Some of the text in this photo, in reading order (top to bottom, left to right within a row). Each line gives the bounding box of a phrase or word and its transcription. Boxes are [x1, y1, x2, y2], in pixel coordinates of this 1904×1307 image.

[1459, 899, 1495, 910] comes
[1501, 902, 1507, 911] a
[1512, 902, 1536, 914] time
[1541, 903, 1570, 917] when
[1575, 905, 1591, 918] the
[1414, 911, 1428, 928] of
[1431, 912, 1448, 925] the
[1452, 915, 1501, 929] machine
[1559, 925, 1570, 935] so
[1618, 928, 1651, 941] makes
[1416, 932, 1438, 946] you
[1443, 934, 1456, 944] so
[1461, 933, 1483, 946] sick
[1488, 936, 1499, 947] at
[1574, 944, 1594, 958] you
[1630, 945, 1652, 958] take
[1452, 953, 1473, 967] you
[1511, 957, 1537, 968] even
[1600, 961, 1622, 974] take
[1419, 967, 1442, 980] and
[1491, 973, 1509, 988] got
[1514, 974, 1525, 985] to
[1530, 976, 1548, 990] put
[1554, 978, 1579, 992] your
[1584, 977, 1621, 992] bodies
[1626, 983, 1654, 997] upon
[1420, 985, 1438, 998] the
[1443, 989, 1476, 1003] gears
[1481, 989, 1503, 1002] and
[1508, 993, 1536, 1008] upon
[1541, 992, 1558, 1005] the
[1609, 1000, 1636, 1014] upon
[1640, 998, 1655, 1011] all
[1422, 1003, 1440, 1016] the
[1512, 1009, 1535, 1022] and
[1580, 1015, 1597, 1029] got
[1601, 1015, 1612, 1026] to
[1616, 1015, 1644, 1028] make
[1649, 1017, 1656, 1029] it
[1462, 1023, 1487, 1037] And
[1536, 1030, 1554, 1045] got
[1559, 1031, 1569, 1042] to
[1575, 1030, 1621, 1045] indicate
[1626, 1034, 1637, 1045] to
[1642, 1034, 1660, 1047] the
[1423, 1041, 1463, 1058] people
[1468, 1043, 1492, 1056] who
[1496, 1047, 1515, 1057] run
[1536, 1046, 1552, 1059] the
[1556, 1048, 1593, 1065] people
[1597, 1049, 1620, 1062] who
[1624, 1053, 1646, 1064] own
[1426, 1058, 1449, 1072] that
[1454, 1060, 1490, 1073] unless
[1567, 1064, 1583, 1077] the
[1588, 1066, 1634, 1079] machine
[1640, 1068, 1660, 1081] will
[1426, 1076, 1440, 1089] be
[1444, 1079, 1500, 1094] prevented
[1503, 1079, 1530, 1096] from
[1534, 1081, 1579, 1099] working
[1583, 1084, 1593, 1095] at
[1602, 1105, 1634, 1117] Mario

TASK:
A word-for-word copy of all the entries above is required.

RESULT OF THE EXERCISE:
Some of the text in this photo, in reading order (top to bottom, left to right within a row). Each line gives the bounding box of a phrase or word and its transcription. Boxes are [x1, y1, x2, y2], in pixel coordinates of this 1904×1307 image.

[1459, 899, 1495, 910] comes
[1501, 902, 1507, 911] a
[1512, 902, 1536, 914] time
[1541, 903, 1570, 917] when
[1575, 905, 1591, 918] the
[1414, 911, 1428, 928] of
[1431, 912, 1448, 925] the
[1452, 915, 1501, 929] machine
[1559, 925, 1570, 935] so
[1618, 928, 1651, 941] makes
[1416, 932, 1438, 946] you
[1443, 934, 1456, 944] so
[1461, 933, 1483, 946] sick
[1488, 936, 1499, 947] at
[1574, 944, 1594, 958] you
[1630, 945, 1652, 958] take
[1452, 953, 1473, 967] you
[1511, 957, 1537, 968] even
[1600, 961, 1622, 974] take
[1419, 967, 1442, 980] and
[1491, 973, 1509, 988] got
[1514, 974, 1525, 985] to
[1530, 976, 1548, 990] put
[1554, 978, 1579, 992] your
[1584, 977, 1621, 992] bodies
[1626, 983, 1654, 997] upon
[1420, 985, 1438, 998] the
[1443, 989, 1476, 1003] gears
[1481, 989, 1503, 1002] and
[1508, 993, 1536, 1008] upon
[1541, 992, 1558, 1005] the
[1609, 1000, 1636, 1014] upon
[1640, 998, 1655, 1011] all
[1422, 1003, 1440, 1016] the
[1512, 1009, 1535, 1022] and
[1580, 1015, 1597, 1029] got
[1601, 1015, 1612, 1026] to
[1616, 1015, 1644, 1028] make
[1649, 1017, 1656, 1029] it
[1462, 1023, 1487, 1037] And
[1536, 1030, 1554, 1045] got
[1559, 1031, 1569, 1042] to
[1575, 1030, 1621, 1045] indicate
[1626, 1034, 1637, 1045] to
[1642, 1034, 1660, 1047] the
[1423, 1041, 1463, 1058] people
[1468, 1043, 1492, 1056] who
[1496, 1047, 1515, 1057] run
[1536, 1046, 1552, 1059] the
[1556, 1048, 1593, 1065] people
[1597, 1049, 1620, 1062] who
[1624, 1053, 1646, 1064] own
[1426, 1058, 1449, 1072] that
[1454, 1060, 1490, 1073] unless
[1567, 1064, 1583, 1077] the
[1588, 1066, 1634, 1079] machine
[1640, 1068, 1660, 1081] will
[1426, 1076, 1440, 1089] be
[1444, 1079, 1500, 1094] prevented
[1503, 1079, 1530, 1096] from
[1534, 1081, 1579, 1099] working
[1583, 1084, 1593, 1095] at
[1602, 1105, 1634, 1117] Mario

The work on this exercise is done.